What you have to do ▸
Restate exactly, please, each line of the listing from the one with "this 1920×1332 image." to the last, including both.

Information given ▸

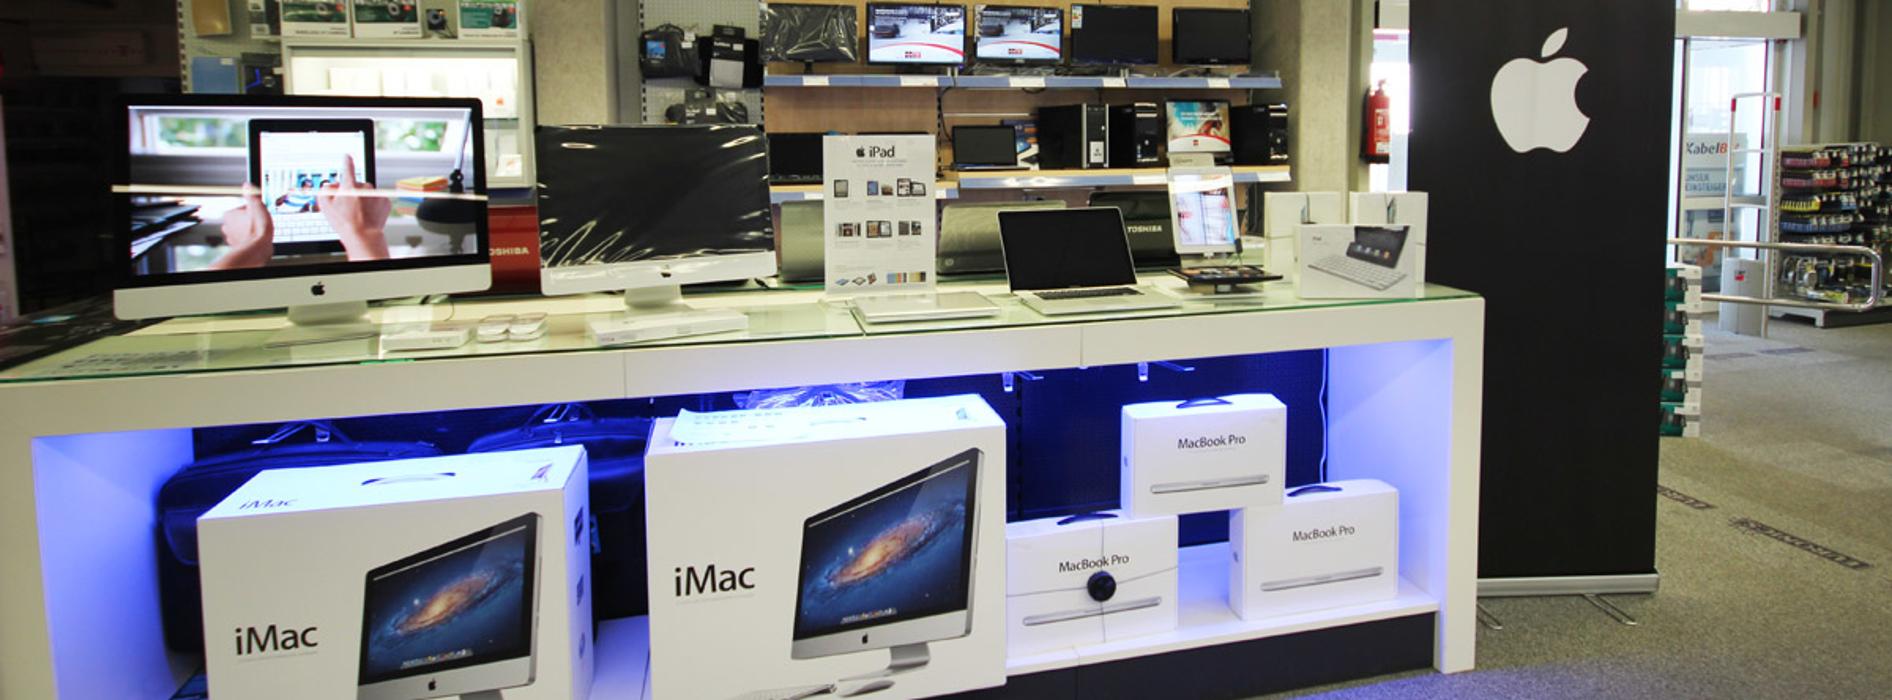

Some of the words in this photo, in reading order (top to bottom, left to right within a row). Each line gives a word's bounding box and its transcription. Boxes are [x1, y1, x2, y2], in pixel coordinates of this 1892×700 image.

[868, 145, 896, 158] iPad
[1686, 142, 1740, 155] KabelB
[1127, 224, 1163, 233] TOSHIBA
[489, 246, 530, 256] OSHIBA
[1177, 434, 1226, 449] MacBook
[1228, 433, 1247, 445] Pro
[239, 498, 298, 510] iMac
[1291, 526, 1337, 541] MacBook
[1339, 524, 1356, 536] Pro
[1058, 556, 1110, 573] MacBook
[1111, 553, 1130, 565] Pro
[674, 563, 756, 597] iMac
[235, 623, 319, 656] iMac
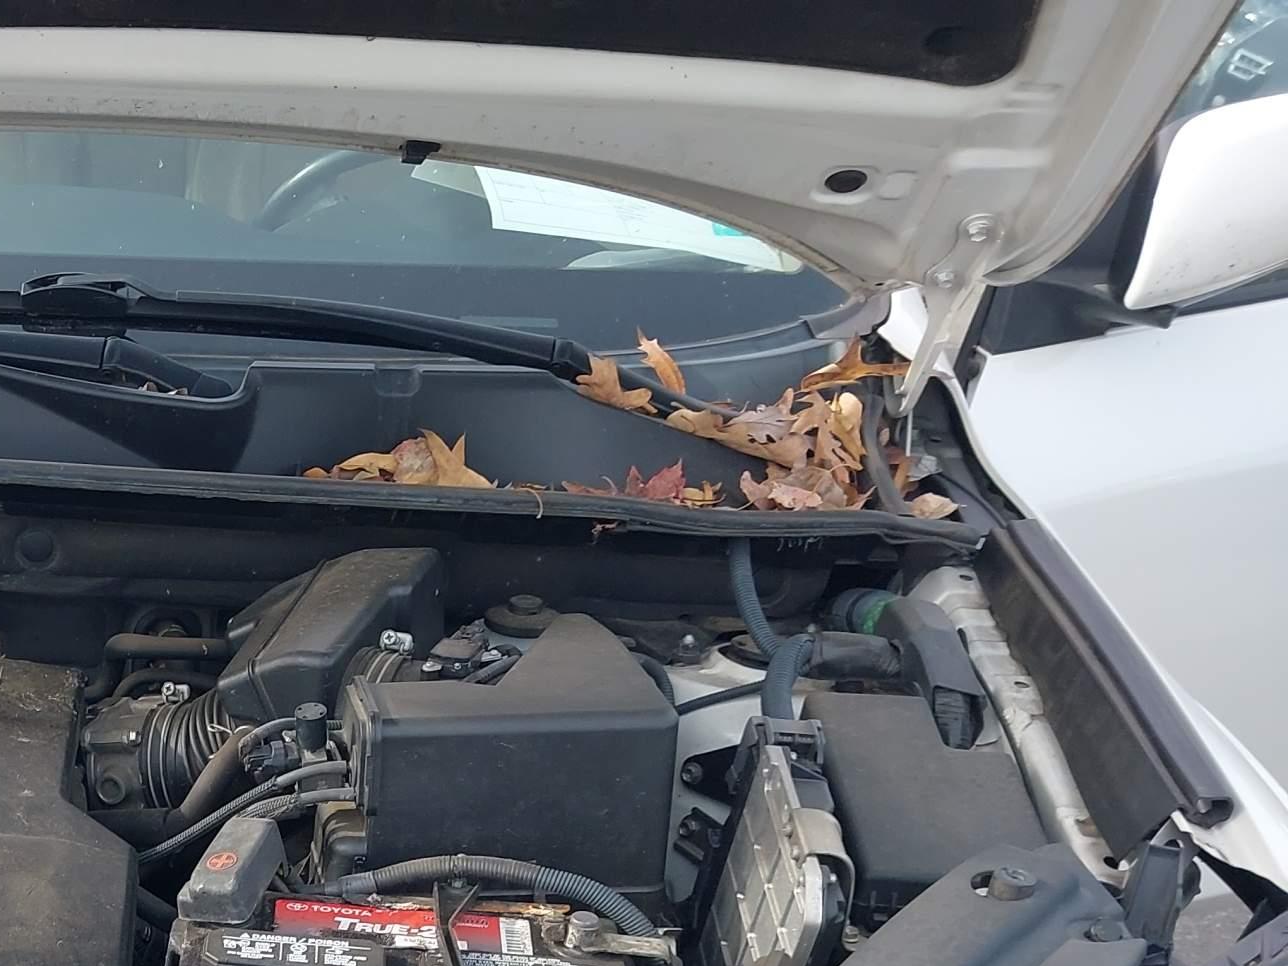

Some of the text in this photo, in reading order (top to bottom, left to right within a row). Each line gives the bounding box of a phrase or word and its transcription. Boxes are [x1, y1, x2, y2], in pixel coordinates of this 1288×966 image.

[311, 903, 372, 917] TOYOTA
[251, 933, 297, 944] DANGER
[308, 937, 350, 947] POISON
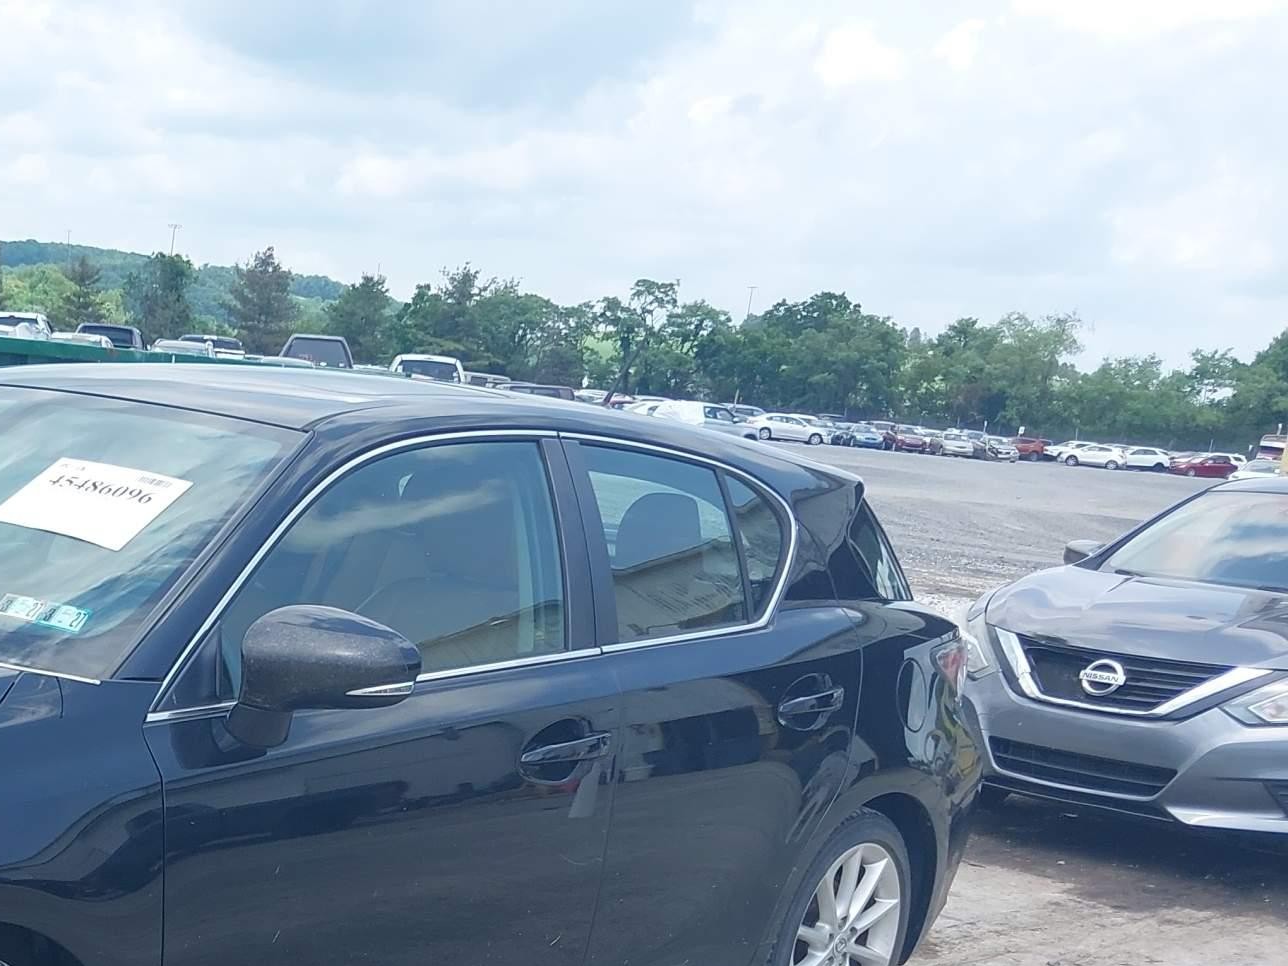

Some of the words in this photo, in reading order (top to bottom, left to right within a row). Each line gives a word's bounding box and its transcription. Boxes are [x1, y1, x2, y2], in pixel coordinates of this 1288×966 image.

[49, 474, 154, 505] 45486096
[68, 611, 87, 629] 27
[1083, 671, 1119, 683] NISSAN
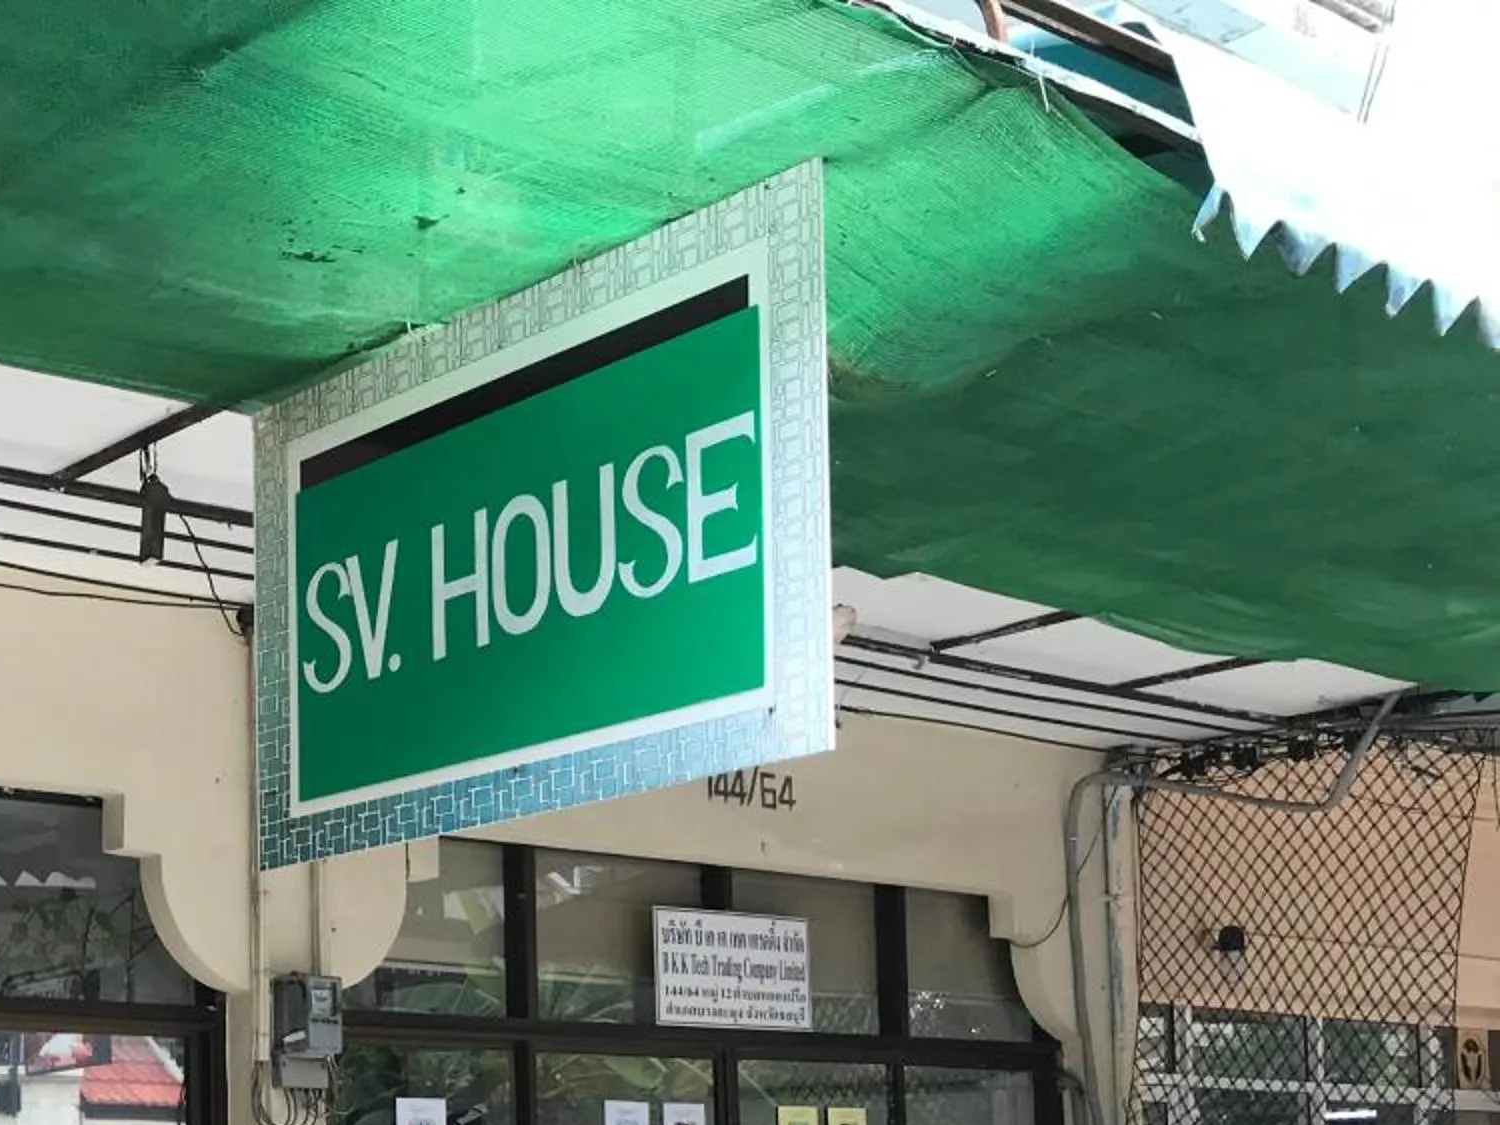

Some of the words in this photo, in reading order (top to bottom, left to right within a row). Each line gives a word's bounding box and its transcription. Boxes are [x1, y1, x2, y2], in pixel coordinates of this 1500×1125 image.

[303, 539, 401, 693] SV.
[431, 410, 758, 661] HOUSE
[707, 765, 797, 812] 144/64
[711, 954, 743, 983] Trading
[743, 957, 777, 985] Company
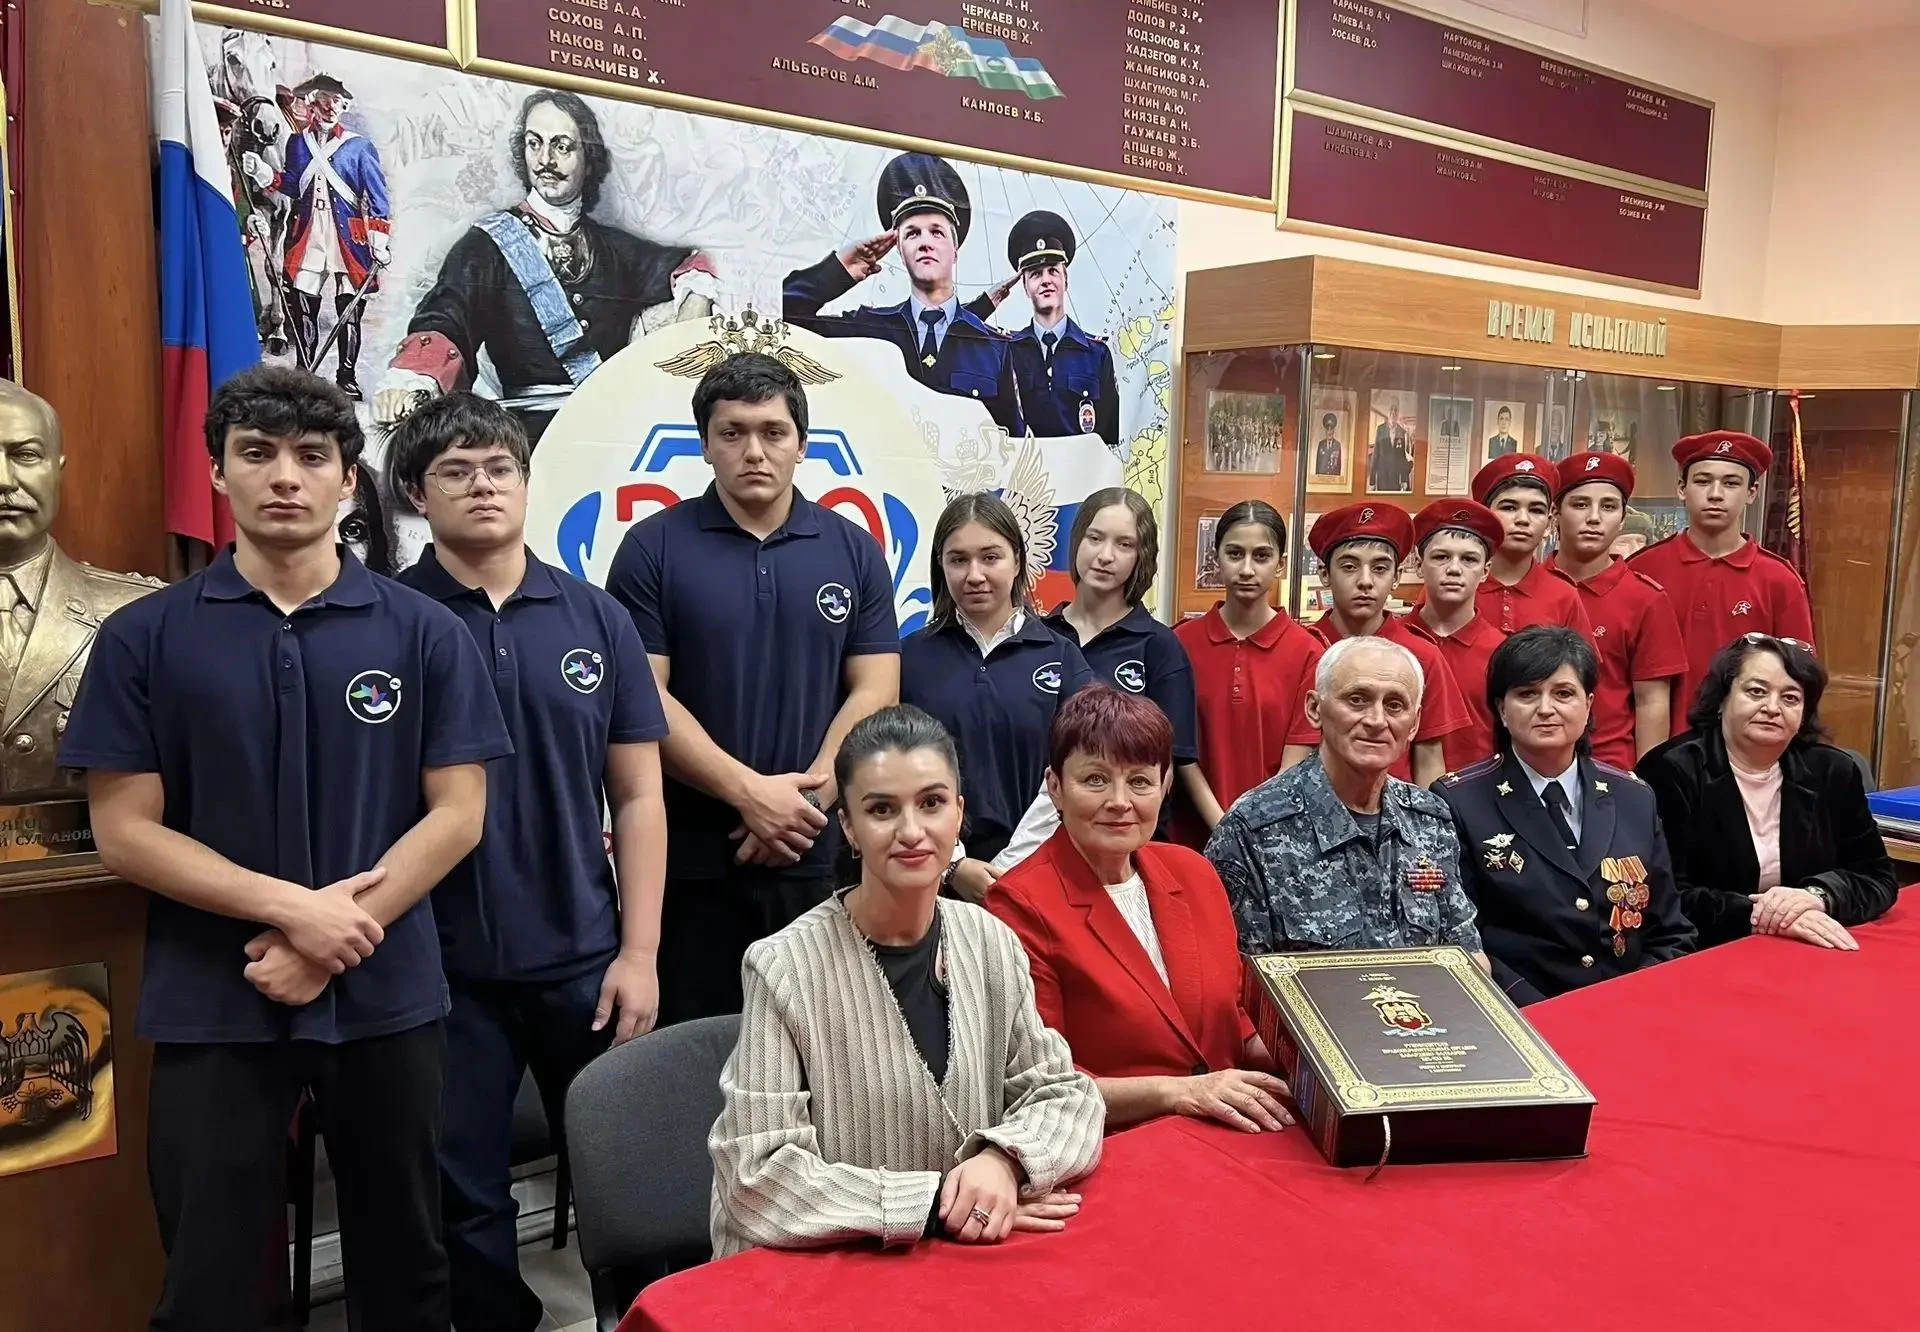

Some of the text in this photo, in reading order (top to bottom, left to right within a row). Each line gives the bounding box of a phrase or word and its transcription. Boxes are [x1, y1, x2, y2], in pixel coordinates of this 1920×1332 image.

[549, 8, 647, 41] СОХОВ А.П.
[614, 2, 647, 20] А.А.
[962, 3, 1043, 32] ЧЕРКАЕВ Ю.Х.
[1127, 9, 1189, 35] ДОЛОВ Р.З.
[962, 17, 1033, 45] ЕРКЕНОВ Х.
[1127, 26, 1204, 56] КОДЗОКОВ К.Х.
[549, 29, 648, 62] НАКОВ М.О.
[1126, 43, 1202, 71] ХАДЗЕГОВ К.Х.
[550, 50, 666, 85] ГУБАЧИЕВ Х.
[772, 57, 880, 89] АЛЬБОРОВ А.М.
[1125, 60, 1210, 89] ЖАМБИКОВ З.А.
[1124, 76, 1178, 98] ШХАГУМОВ
[962, 96, 1045, 123] КАНЛОЕВ Х.Б.
[1124, 93, 1187, 116] БУКИН А.Ю.
[1124, 108, 1192, 132] КНЯЗЕВ А.Н.
[1123, 140, 1181, 161] АПШЕВ Ж.
[1124, 124, 1201, 149] ГАУЖАЕВ З.Б.
[1124, 154, 1188, 176] БЕЗИРОВ Х.
[1487, 299, 1668, 358] ВРЕМЯ ИСПЫТАНИЙ

Answer ▸
Some of the text in this photo, in reading order (top to bottom, left to right within a row). Each line gives the bounding box of a phrase or word and its transcription. Boxes are [x1, y1, x2, y2], in pixel coordinates of this 1920×1332 image.

[549, 8, 647, 41] СОХОВ А.П.
[614, 2, 647, 20] А.А.
[962, 3, 1043, 32] ЧЕРКАЕВ Ю.Х.
[1127, 9, 1189, 35] ДОЛОВ Р.З.
[962, 17, 1033, 45] ЕРКЕНОВ Х.
[1127, 26, 1204, 56] КОДЗОКОВ К.Х.
[549, 29, 648, 62] НАКОВ М.О.
[1126, 43, 1202, 71] ХАДЗЕГОВ К.Х.
[550, 50, 666, 85] ГУБАЧИЕВ Х.
[772, 57, 880, 89] АЛЬБОРОВ А.М.
[1125, 60, 1210, 89] ЖАМБИКОВ З.А.
[1124, 76, 1178, 98] ШХАГУМОВ
[962, 96, 1045, 123] КАНЛОЕВ Х.Б.
[1124, 93, 1187, 116] БУКИН А.Ю.
[1124, 108, 1192, 132] КНЯЗЕВ А.Н.
[1123, 140, 1181, 161] АПШЕВ Ж.
[1124, 124, 1201, 149] ГАУЖАЕВ З.Б.
[1124, 154, 1188, 176] БЕЗИРОВ Х.
[1487, 299, 1668, 358] ВРЕМЯ ИСПЫТАНИЙ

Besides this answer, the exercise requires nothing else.